What is needed » Since pictures are not wanted, repeat only the text of the records, word for word.

####################

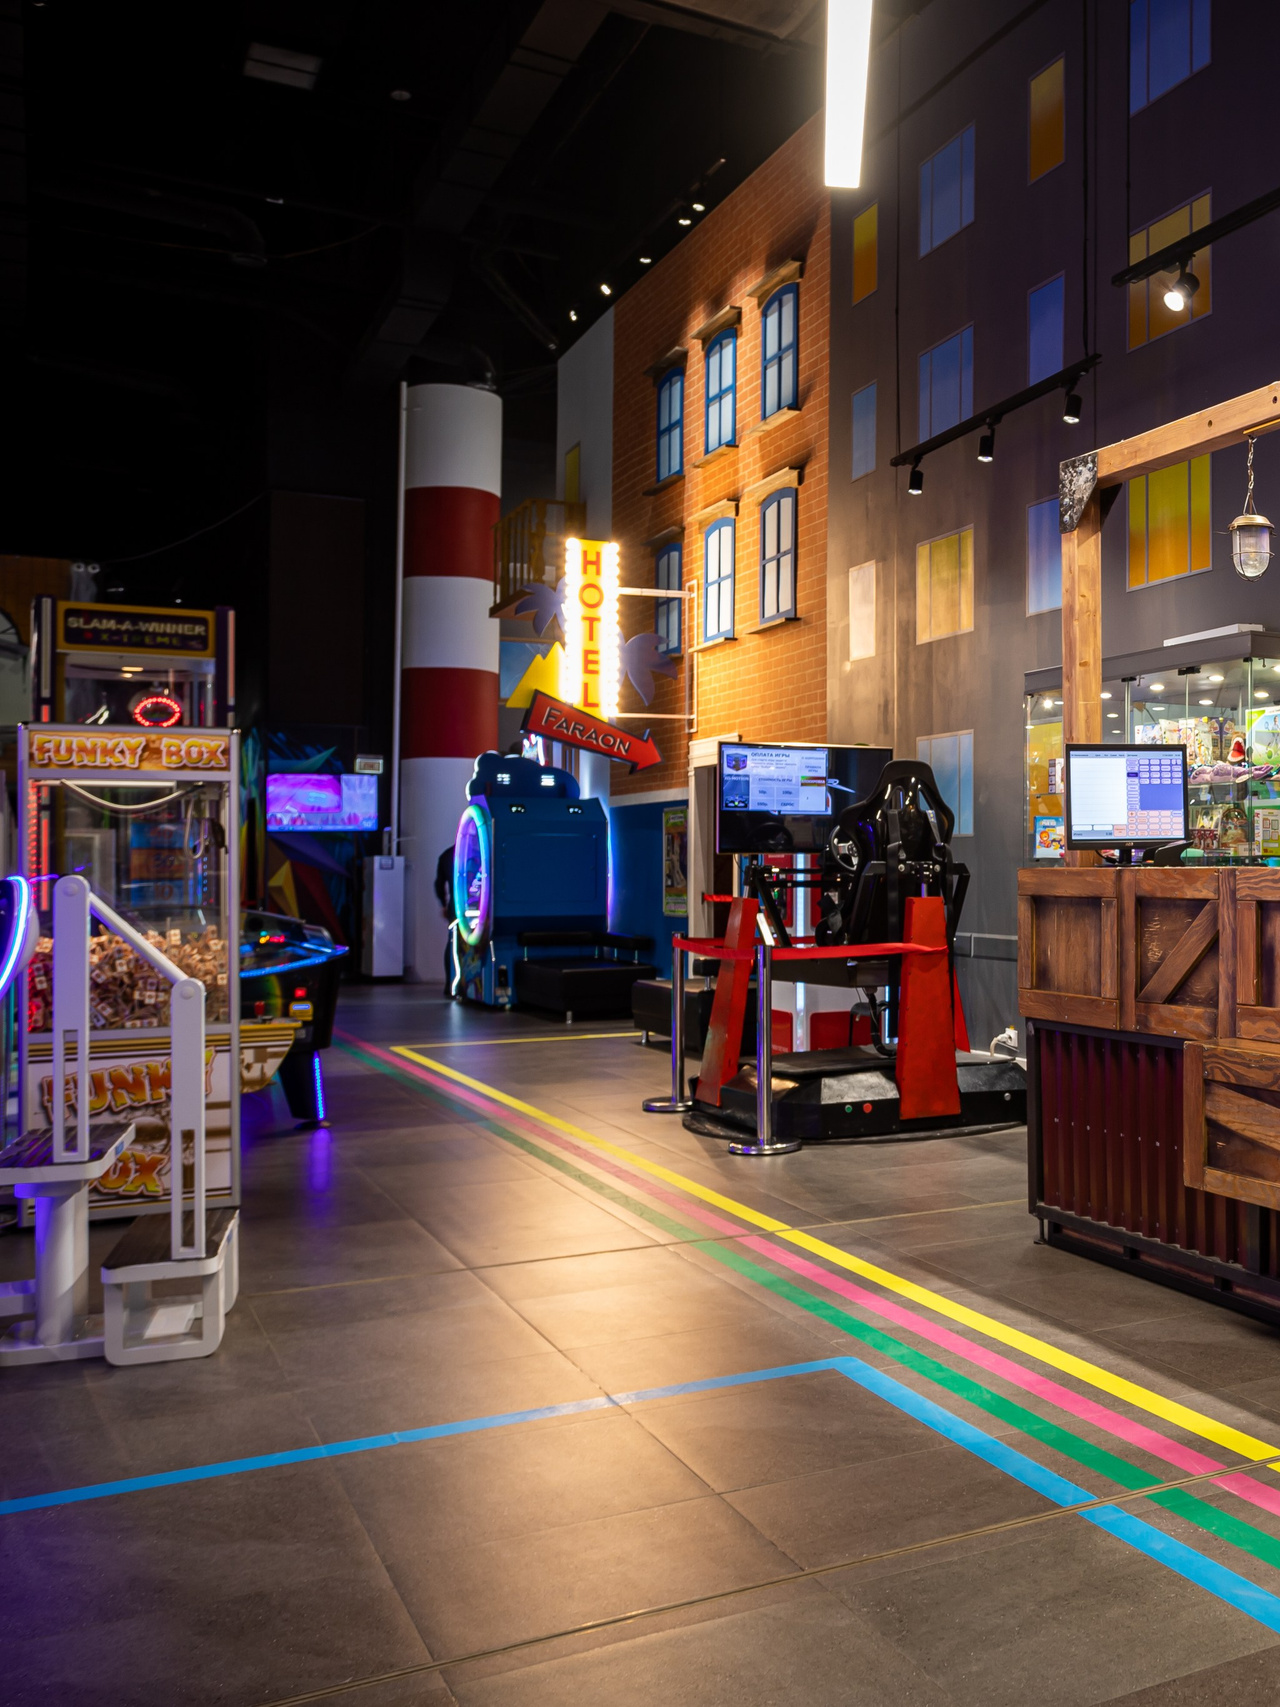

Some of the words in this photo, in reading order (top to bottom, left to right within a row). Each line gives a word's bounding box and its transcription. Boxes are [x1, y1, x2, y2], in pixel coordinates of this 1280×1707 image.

[67, 616, 206, 636] SLAM-A-WINNER
[578, 550, 605, 708] HOTEL
[33, 735, 146, 768] FUNKY
[162, 738, 226, 768] BOX
[541, 706, 632, 756] FARAON
[43, 1048, 215, 1113] FUNK
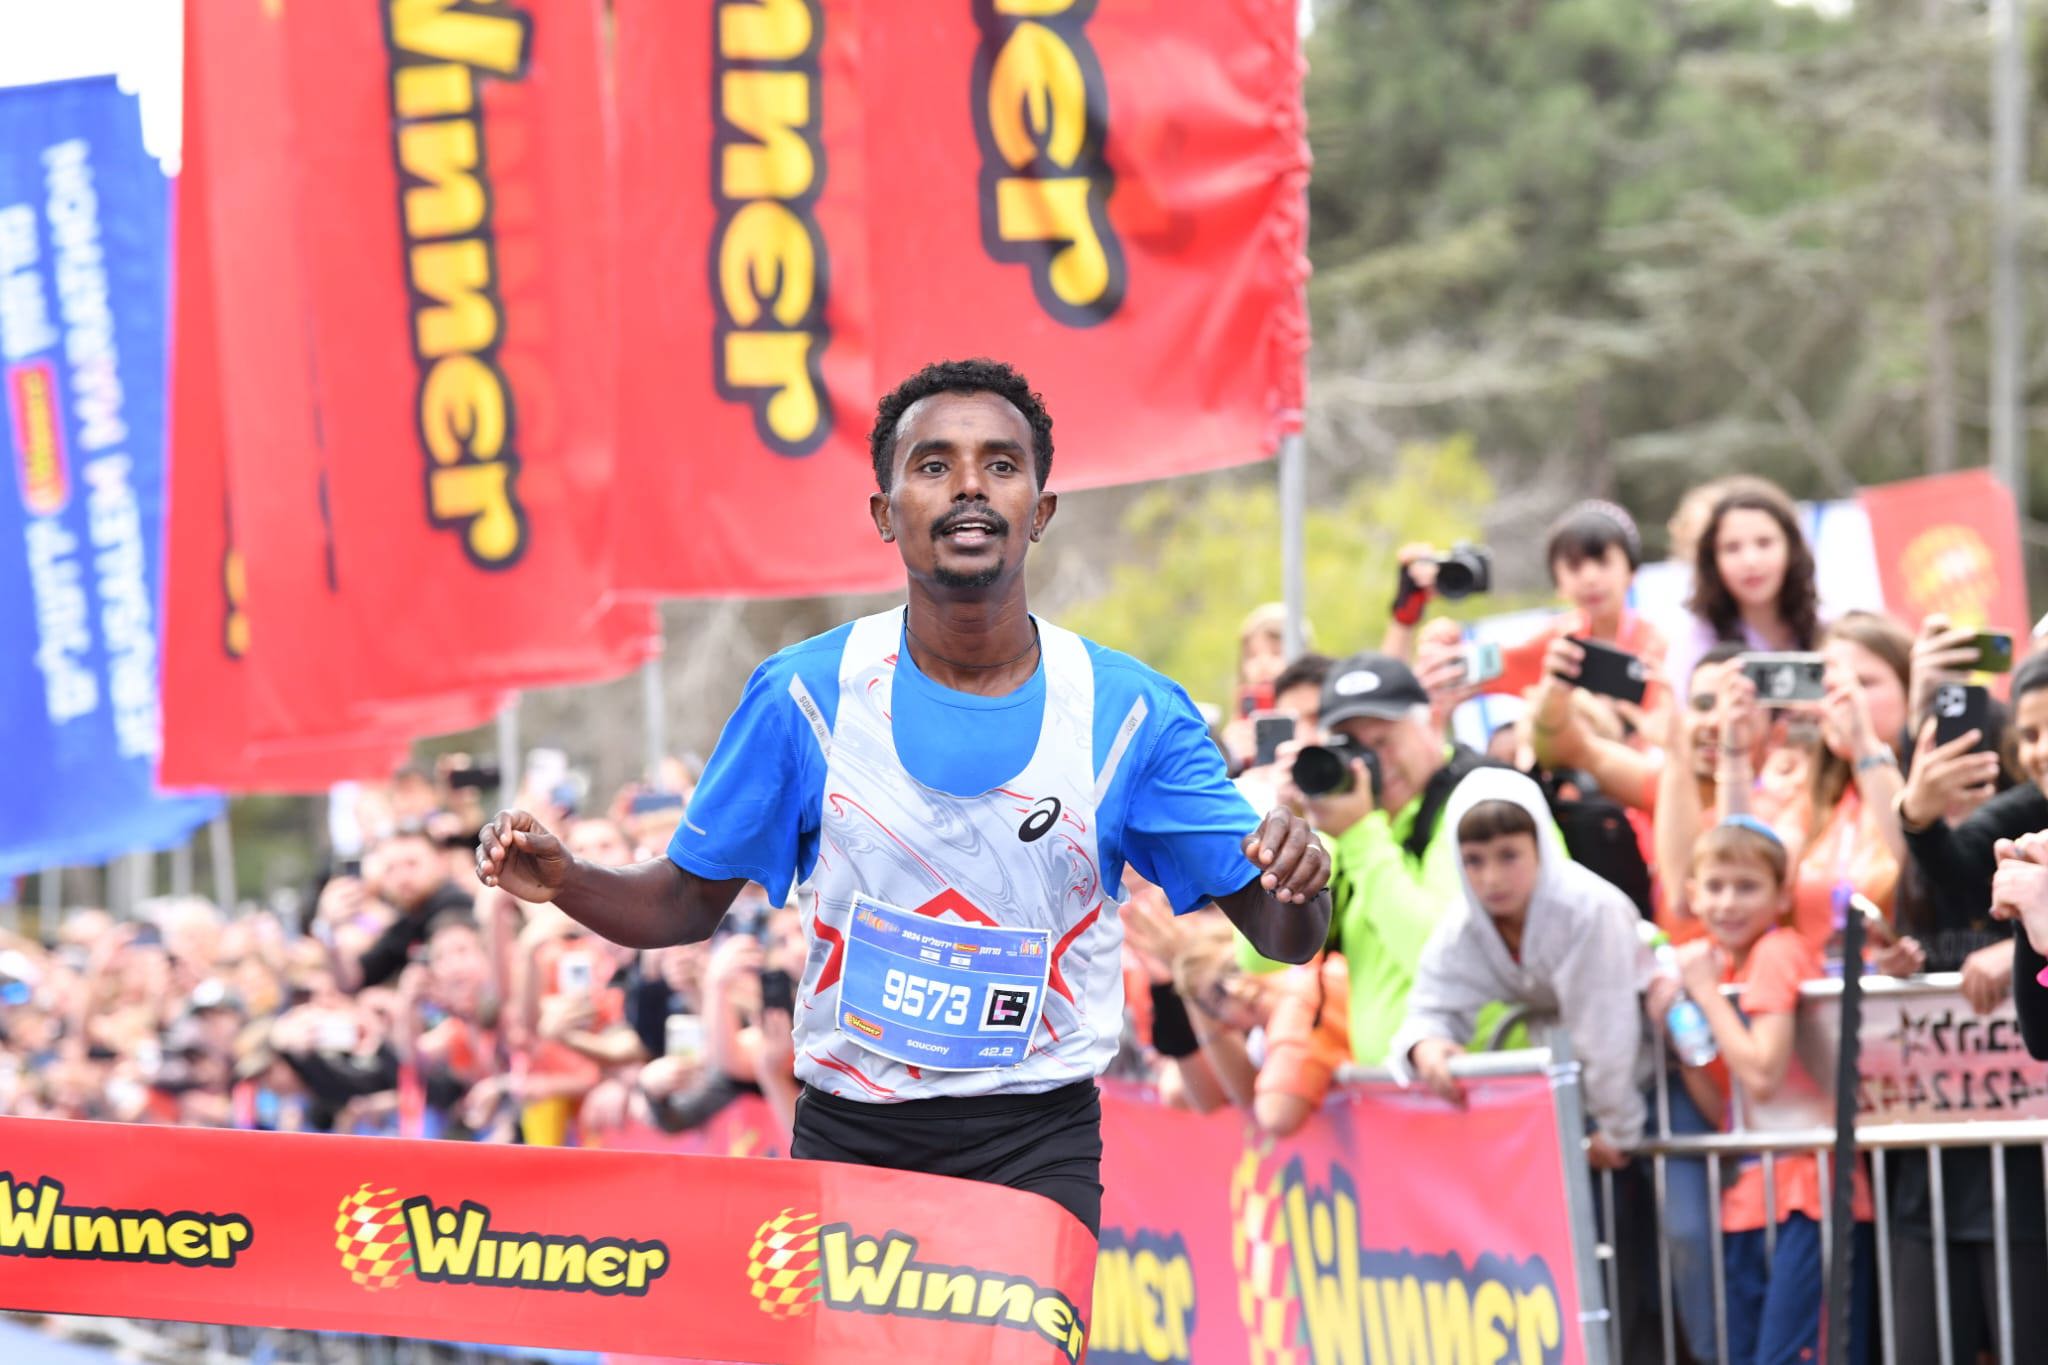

####################

Response »
Some of the words in this photo, in reading order (top to bottom, left to right within a row). Each line gives a word's bounding box and its transcription. Boxes are [x1, y1, x2, y2], in pixel coordinates of this 1280×1707 image.

[67, 616, 206, 636] SLAM-A-WINNER
[578, 550, 605, 708] HOTEL
[33, 735, 146, 768] FUNKY
[162, 738, 226, 768] BOX
[541, 706, 632, 756] FARAON
[43, 1048, 215, 1113] FUNK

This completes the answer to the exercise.